## [Dataset excerpts]
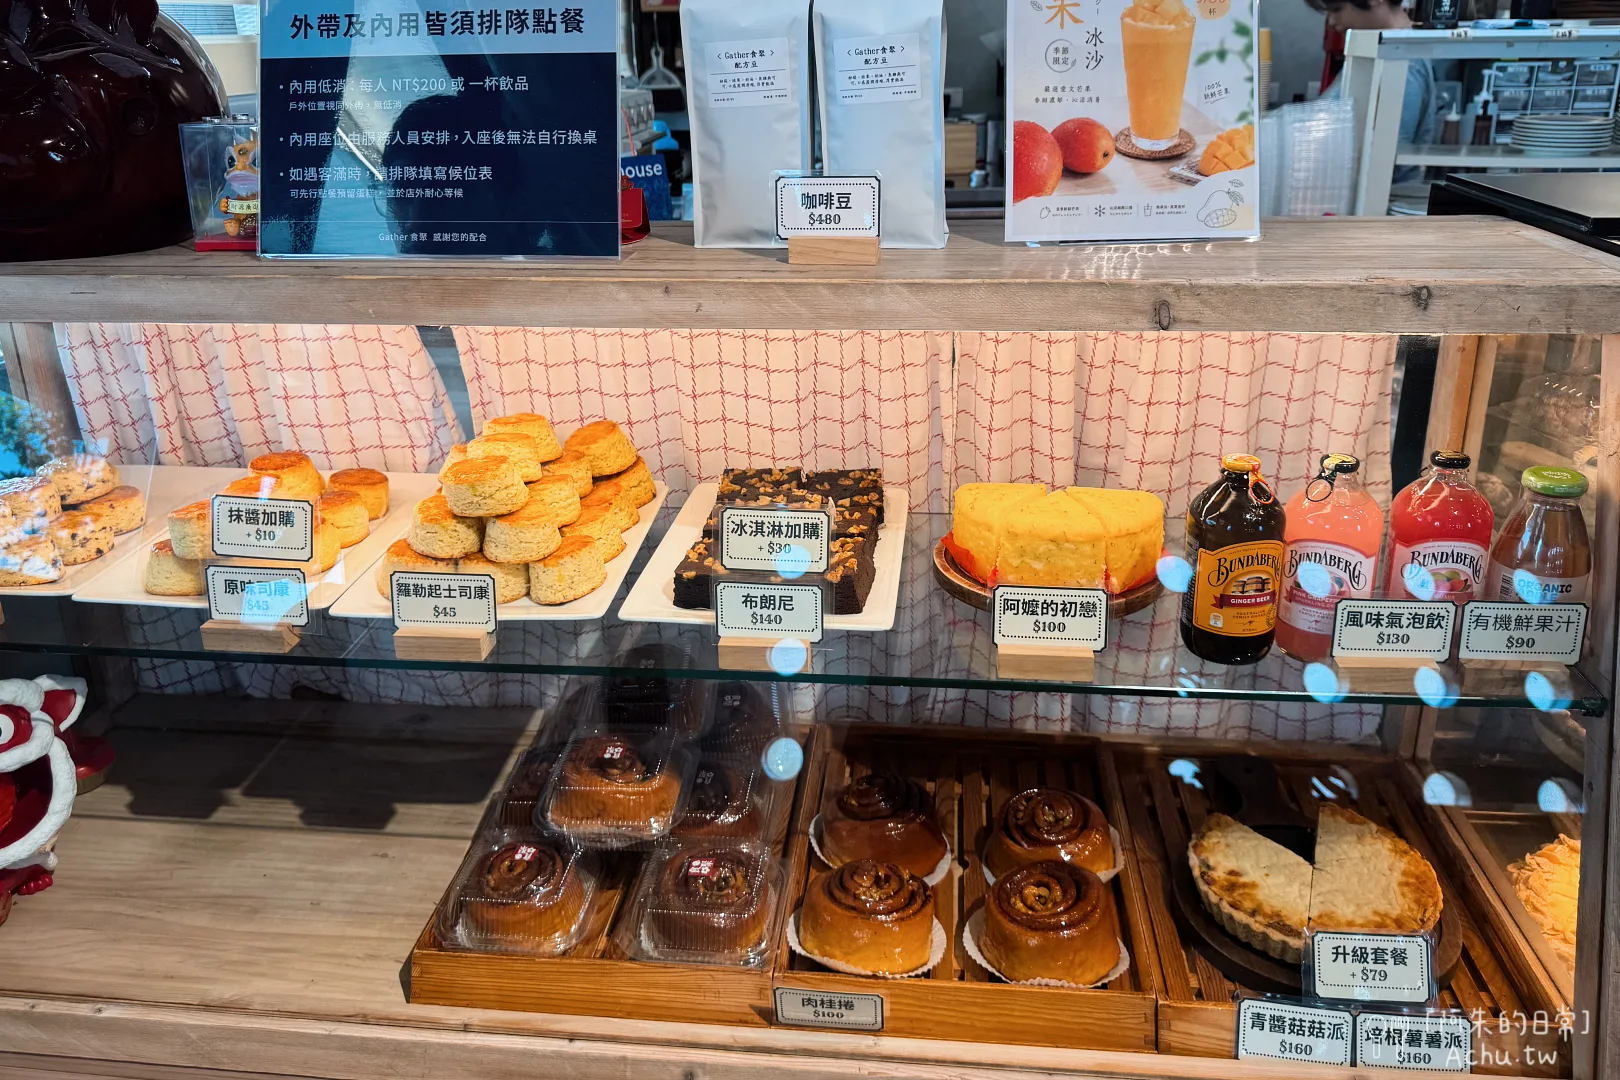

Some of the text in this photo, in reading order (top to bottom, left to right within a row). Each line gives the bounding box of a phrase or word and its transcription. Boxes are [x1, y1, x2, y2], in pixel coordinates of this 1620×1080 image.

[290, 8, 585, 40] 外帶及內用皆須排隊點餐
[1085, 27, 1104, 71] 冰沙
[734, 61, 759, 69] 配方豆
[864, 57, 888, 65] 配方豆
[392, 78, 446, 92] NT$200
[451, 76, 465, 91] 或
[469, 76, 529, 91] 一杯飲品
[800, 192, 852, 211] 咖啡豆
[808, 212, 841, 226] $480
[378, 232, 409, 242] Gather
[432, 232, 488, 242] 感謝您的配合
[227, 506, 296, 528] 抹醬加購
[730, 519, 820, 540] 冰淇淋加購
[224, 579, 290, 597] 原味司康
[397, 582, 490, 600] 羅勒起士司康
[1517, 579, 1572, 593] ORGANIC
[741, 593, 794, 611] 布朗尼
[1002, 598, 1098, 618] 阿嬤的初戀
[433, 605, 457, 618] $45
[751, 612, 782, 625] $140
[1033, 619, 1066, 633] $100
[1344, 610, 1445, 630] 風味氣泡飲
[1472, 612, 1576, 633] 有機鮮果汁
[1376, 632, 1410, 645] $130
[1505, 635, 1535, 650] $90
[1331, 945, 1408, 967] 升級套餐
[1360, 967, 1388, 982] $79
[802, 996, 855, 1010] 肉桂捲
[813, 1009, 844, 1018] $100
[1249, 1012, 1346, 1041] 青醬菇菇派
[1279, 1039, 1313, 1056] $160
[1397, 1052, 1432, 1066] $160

## [Exercise details]
Please reproduce each entry above word for word and keep the pictures out of the copy.

## [Response]
Some of the text in this photo, in reading order (top to bottom, left to right within a row). Each line gives the bounding box of a phrase or word and its transcription. Boxes are [x1, y1, x2, y2], in pixel coordinates of this 1620×1080 image.

[290, 8, 585, 40] 外帶及內用皆須排隊點餐
[1085, 27, 1104, 71] 冰沙
[734, 61, 759, 69] 配方豆
[864, 57, 888, 65] 配方豆
[392, 78, 446, 92] NT$200
[451, 76, 465, 91] 或
[469, 76, 529, 91] 一杯飲品
[800, 192, 852, 211] 咖啡豆
[808, 212, 841, 226] $480
[378, 232, 409, 242] Gather
[432, 232, 488, 242] 感謝您的配合
[227, 506, 296, 528] 抹醬加購
[730, 519, 820, 540] 冰淇淋加購
[224, 579, 290, 597] 原味司康
[397, 582, 490, 600] 羅勒起士司康
[1517, 579, 1572, 593] ORGANIC
[741, 593, 794, 611] 布朗尼
[1002, 598, 1098, 618] 阿嬤的初戀
[433, 605, 457, 618] $45
[751, 612, 782, 625] $140
[1033, 619, 1066, 633] $100
[1344, 610, 1445, 630] 風味氣泡飲
[1472, 612, 1576, 633] 有機鮮果汁
[1376, 632, 1410, 645] $130
[1505, 635, 1535, 650] $90
[1331, 945, 1408, 967] 升級套餐
[1360, 967, 1388, 982] $79
[802, 996, 855, 1010] 肉桂捲
[813, 1009, 844, 1018] $100
[1249, 1012, 1346, 1041] 青醬菇菇派
[1279, 1039, 1313, 1056] $160
[1397, 1052, 1432, 1066] $160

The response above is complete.